*** Opening ENTRIES PROVIDED ***

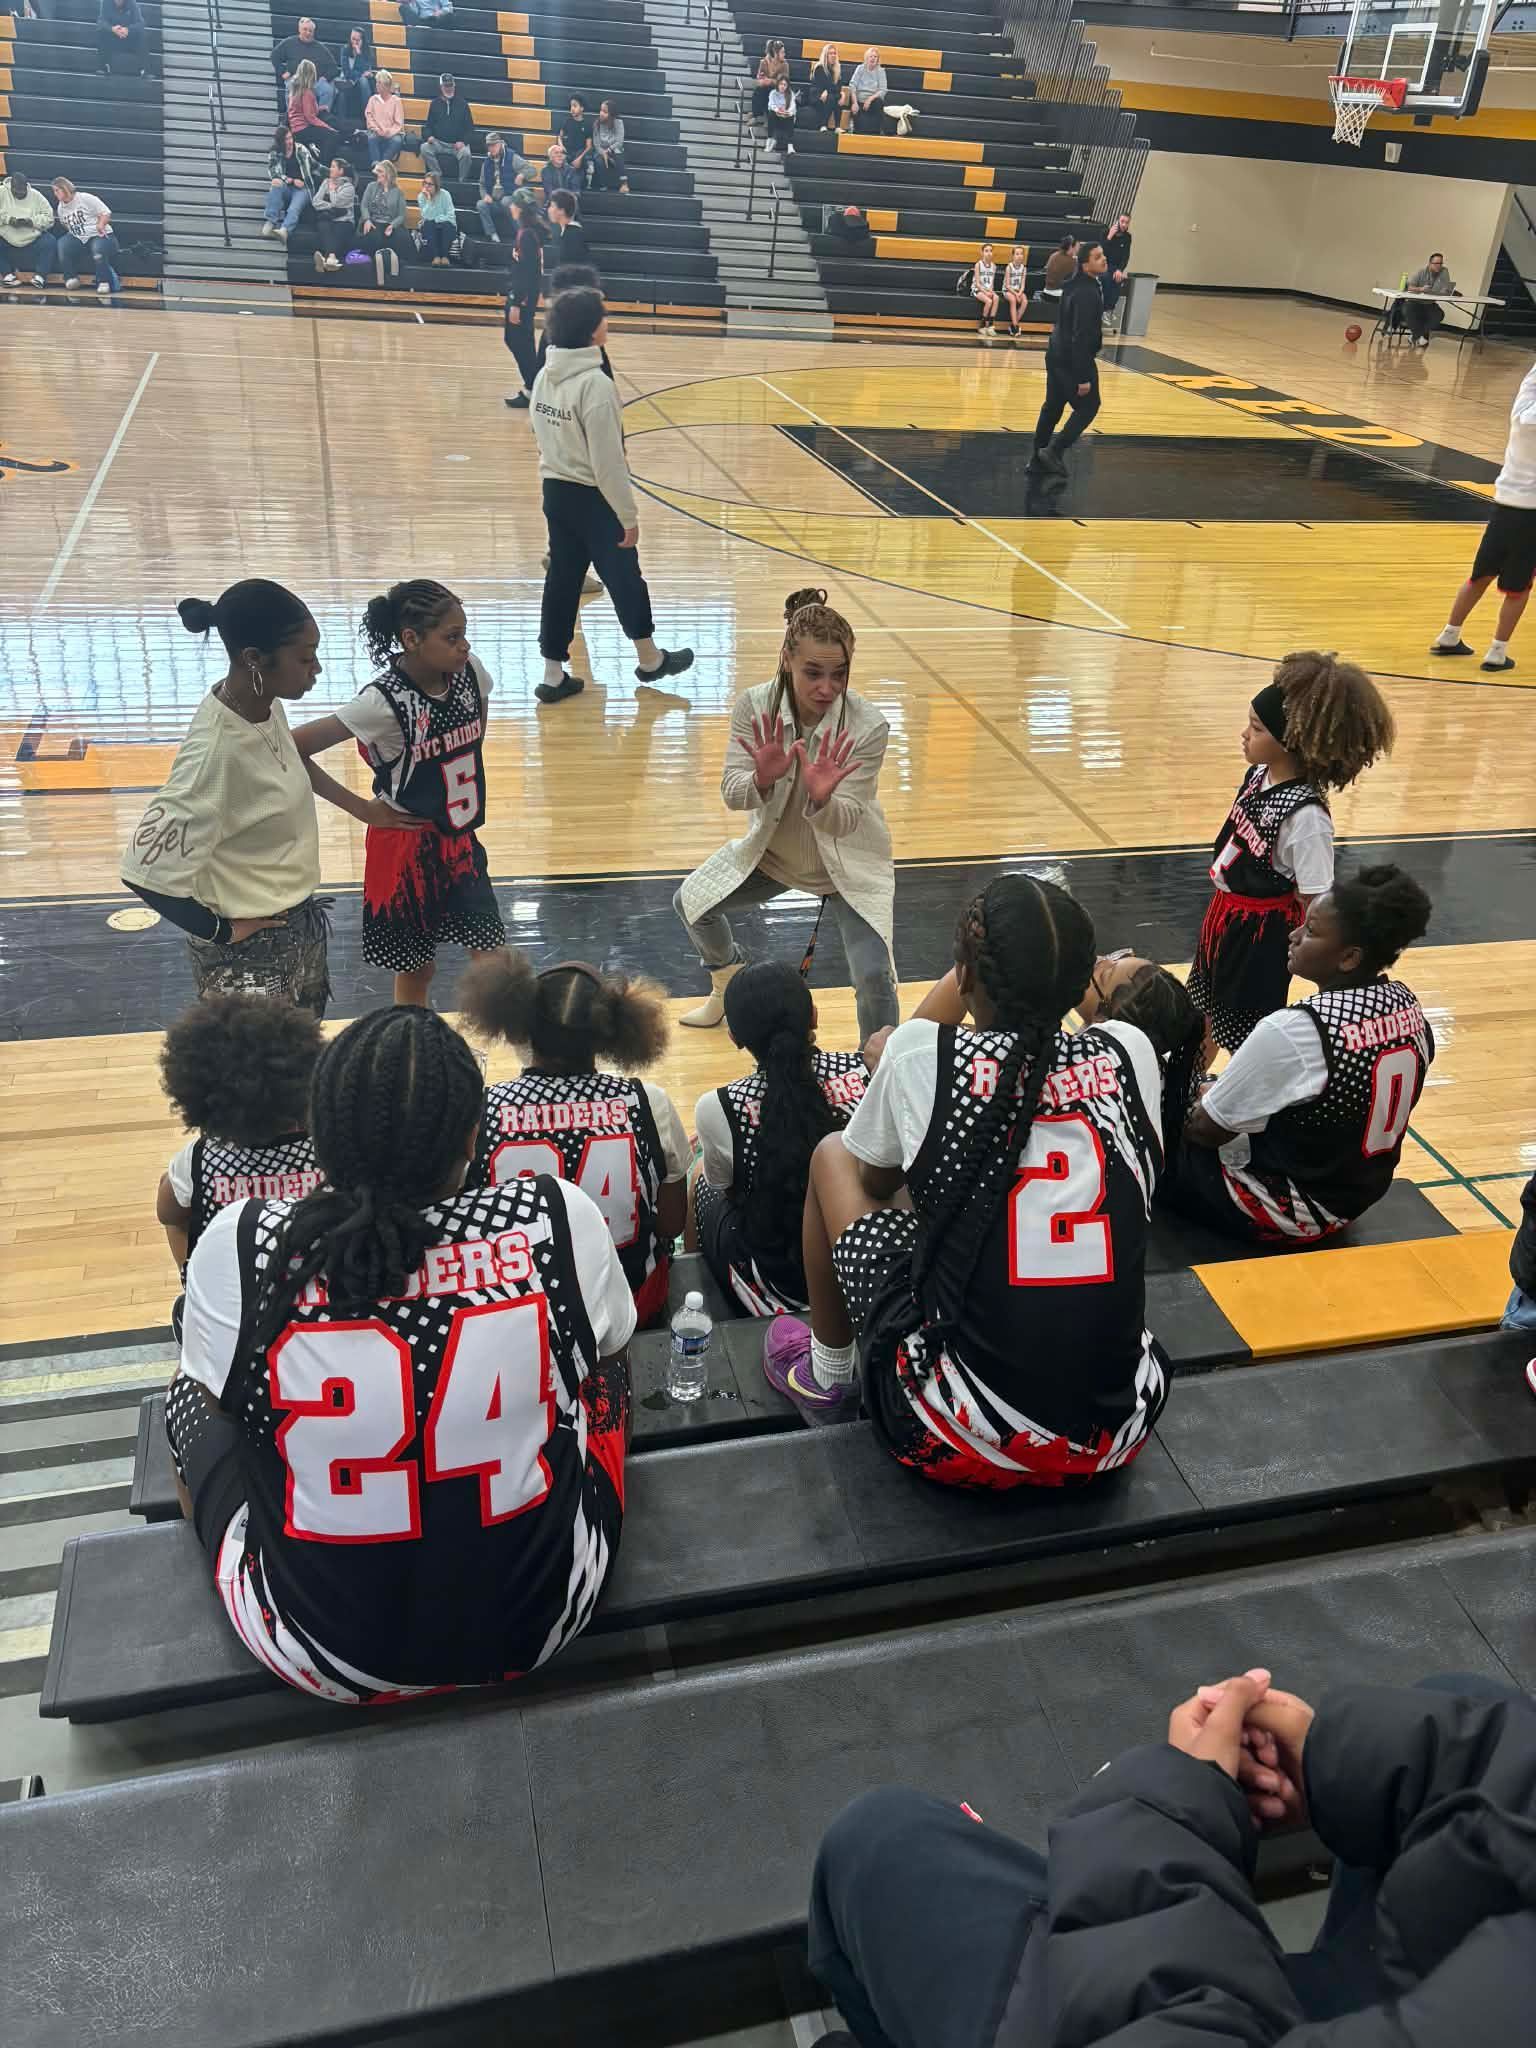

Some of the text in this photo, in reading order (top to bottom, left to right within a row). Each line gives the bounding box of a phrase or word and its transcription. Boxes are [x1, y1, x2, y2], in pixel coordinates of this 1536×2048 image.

[440, 751, 480, 830] 5
[1341, 1007, 1425, 1052] RAIDERS
[970, 1056, 1120, 1109] RERS
[1361, 1039, 1419, 1160] 0
[499, 1099, 629, 1133] RAIDERS
[212, 1169, 325, 1203] RAIDER
[1007, 1111, 1115, 1287] 2
[266, 1290, 558, 1545] 24

*** Closing ENTRIES PROVIDED ***

> _WORK REQUEST_
Your task is to output the material word for word while leaving out every image.

> _EXPECTED ANSWER_
Some of the text in this photo, in reading order (top to bottom, left to right within a row). Each line gives the bounding box of a phrase or word and its transcription. Boxes are [x1, y1, x2, y2], in pixel coordinates of this 1536×2048 image.

[440, 751, 480, 830] 5
[1341, 1007, 1425, 1052] RAIDERS
[970, 1056, 1120, 1109] RERS
[1361, 1039, 1419, 1160] 0
[499, 1099, 629, 1133] RAIDERS
[212, 1169, 325, 1203] RAIDER
[1007, 1111, 1115, 1287] 2
[266, 1290, 558, 1545] 24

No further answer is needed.